- Task instructions
Exact copy, pictures excluded: reproduce every record below.

- Supplied material
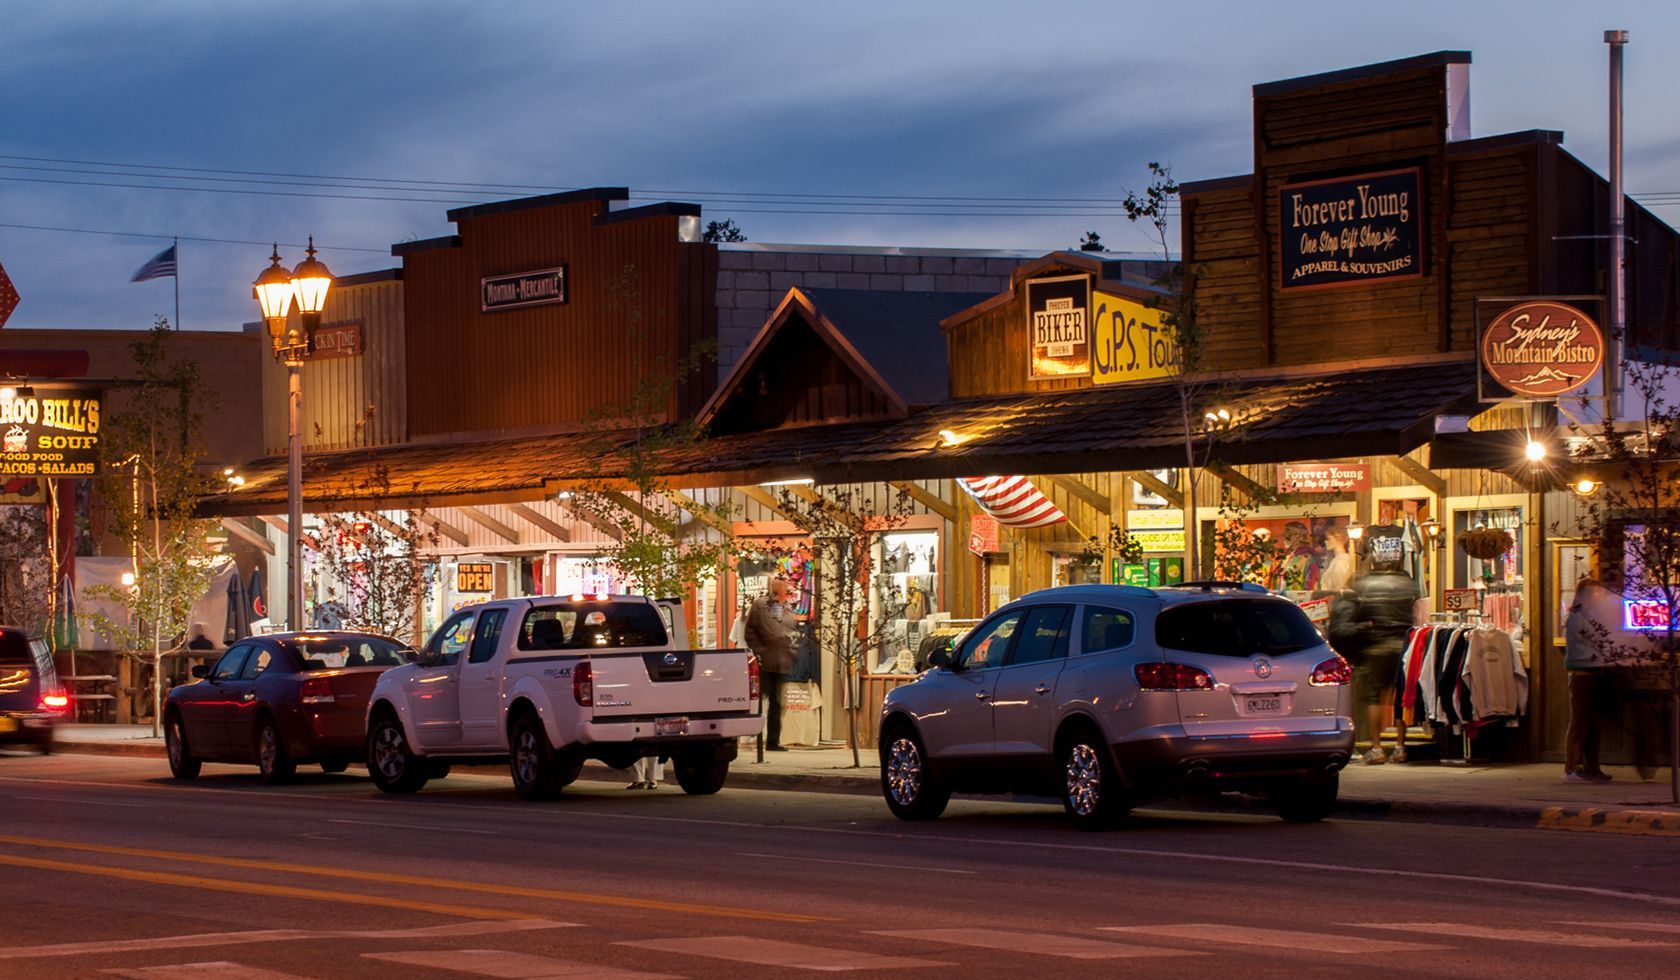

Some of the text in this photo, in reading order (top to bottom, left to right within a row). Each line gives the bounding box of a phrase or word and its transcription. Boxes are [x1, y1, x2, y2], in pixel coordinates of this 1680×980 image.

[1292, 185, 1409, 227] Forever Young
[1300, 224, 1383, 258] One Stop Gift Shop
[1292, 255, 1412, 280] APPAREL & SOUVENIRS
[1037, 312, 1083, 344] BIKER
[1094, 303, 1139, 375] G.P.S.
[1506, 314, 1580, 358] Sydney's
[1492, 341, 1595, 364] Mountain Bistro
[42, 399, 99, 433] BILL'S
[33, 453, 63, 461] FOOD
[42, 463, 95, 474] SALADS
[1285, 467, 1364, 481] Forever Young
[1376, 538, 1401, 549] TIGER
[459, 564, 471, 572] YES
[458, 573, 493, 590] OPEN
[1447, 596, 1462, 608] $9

- Reply
Some of the text in this photo, in reading order (top to bottom, left to right within a row). Each line gives the bounding box of a phrase or word and its transcription. Boxes are [x1, y1, x2, y2], in pixel coordinates of this 1680×980 image.

[1292, 185, 1409, 227] Forever Young
[1300, 224, 1383, 258] One Stop Gift Shop
[1292, 255, 1412, 280] APPAREL & SOUVENIRS
[1037, 312, 1083, 344] BIKER
[1094, 303, 1139, 375] G.P.S.
[1506, 314, 1580, 358] Sydney's
[1492, 341, 1595, 364] Mountain Bistro
[42, 399, 99, 433] BILL'S
[33, 453, 63, 461] FOOD
[42, 463, 95, 474] SALADS
[1285, 467, 1364, 481] Forever Young
[1376, 538, 1401, 549] TIGER
[459, 564, 471, 572] YES
[458, 573, 493, 590] OPEN
[1447, 596, 1462, 608] $9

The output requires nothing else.